Recensioni / Il raffinato gioco di reinventare le parole

È appena stato ristampato da Quodlibet un piccolo gioiellino, l'Etimologiario di Maria Sebregondi (114 pagine, 12 euro). All'apparenza è un dizionarietto etimologico con una manciata di termini. Ma basta sfogliarlo per trovarsi in un mondo diverso, in una dimensione linguistica parallela. In questi casi, un esempio vale più di mille parole:

crepuscolo s. m. (dim. del s. f. «crepa») esile crepa del tempo tra il giorno e la notte. Una pausa sottile dove i colori si accendono, brevemente sottratti al dominio della luce o del buio.

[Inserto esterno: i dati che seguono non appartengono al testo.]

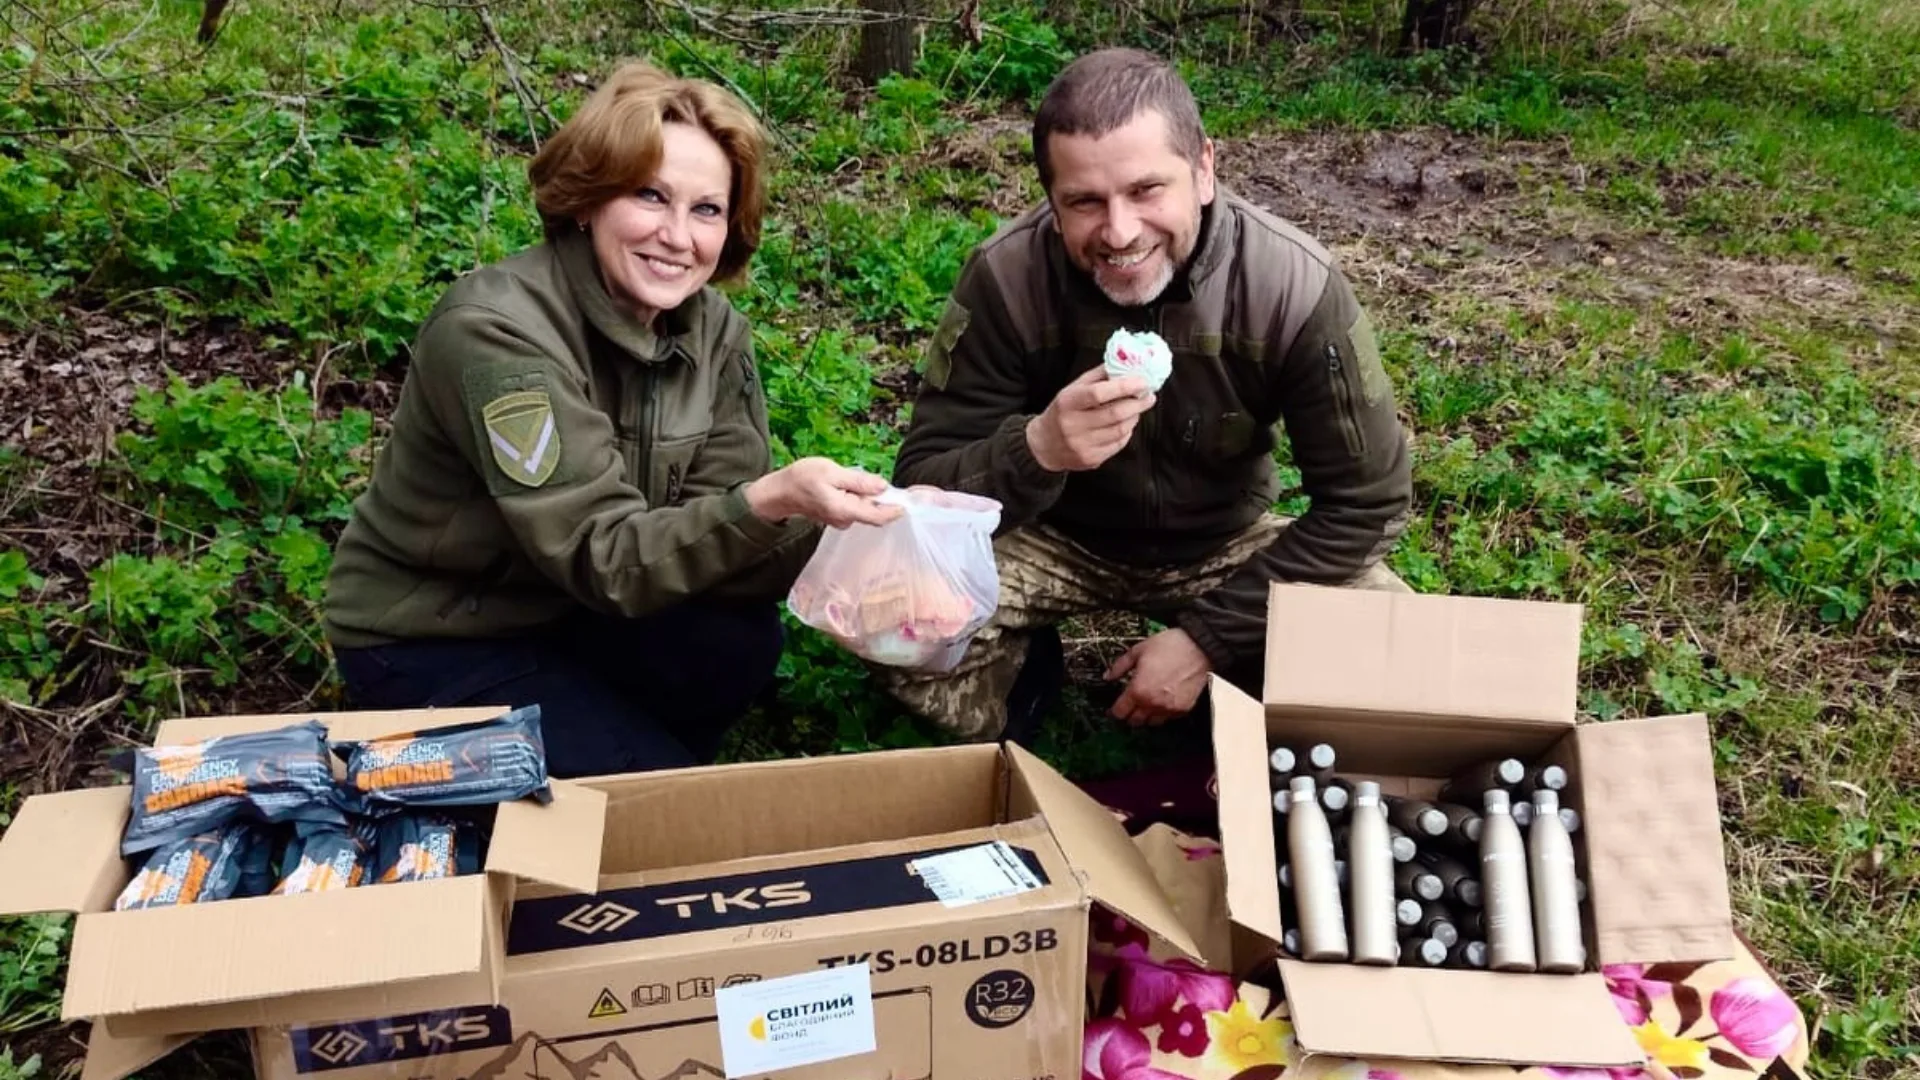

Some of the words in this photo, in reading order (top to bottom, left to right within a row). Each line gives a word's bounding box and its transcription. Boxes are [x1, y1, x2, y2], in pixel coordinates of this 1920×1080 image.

[151, 759, 239, 785] EMGENCY
[655, 881, 812, 919] TKS
[975, 977, 1027, 1004] R32
[766, 993, 854, 1022] СВІТЛИЙ
[378, 1014, 492, 1051] TKS
[770, 1028, 808, 1042] ФОНД

La mia reazione è stata una sola: wow! E davvero sorprendente la sensibilità con cui Maria Sebregondi, già traduttrice di Duras e Queneau e inventrice dei moderni taccuini Moleskine, riesce a trovare strade nascoste all'interno delle parole. Come sappia prendere i termini di tutti i giorni e restituirceli nuovi, come un soprammobile appena spolverato che non ricordavamo fosse così luminoso. Ecco allora che l'orologio diventa uno «strumento che informa delle ritmiche fluttuazioni dell'oro» e che «ci viene assegnato fin dall'infanzia affinché precocemente apprendiamo che il tempo è denaro». La scarpa diventa una "carpa" con una "s-" privativa davanti: «oggetto sovente pescato al posto di una carpa». E l'ufficio si trasforma nel derivato dell'interiezione "uff": «il doveroso luogo preposto allo sbotto individuale e/o collettivo».
Impossibile non innamorarsi di questo libello, non tenerlo con sé e aprirlo a caso, nelle pause della giornata. Se poi vogliamo fare un passo in più, allora, pur essendo un gioco, questo Etimologiario è anche l'insegnamento di come la lingua non sia mai qualcosa di tondo e solido: è sempre possibile plasmarla, reinventarla, vestirsela addosso. Ed è sempre possibile trovare delle zone d'ombra inesplorate in cui spingersi per avventura intellettuale.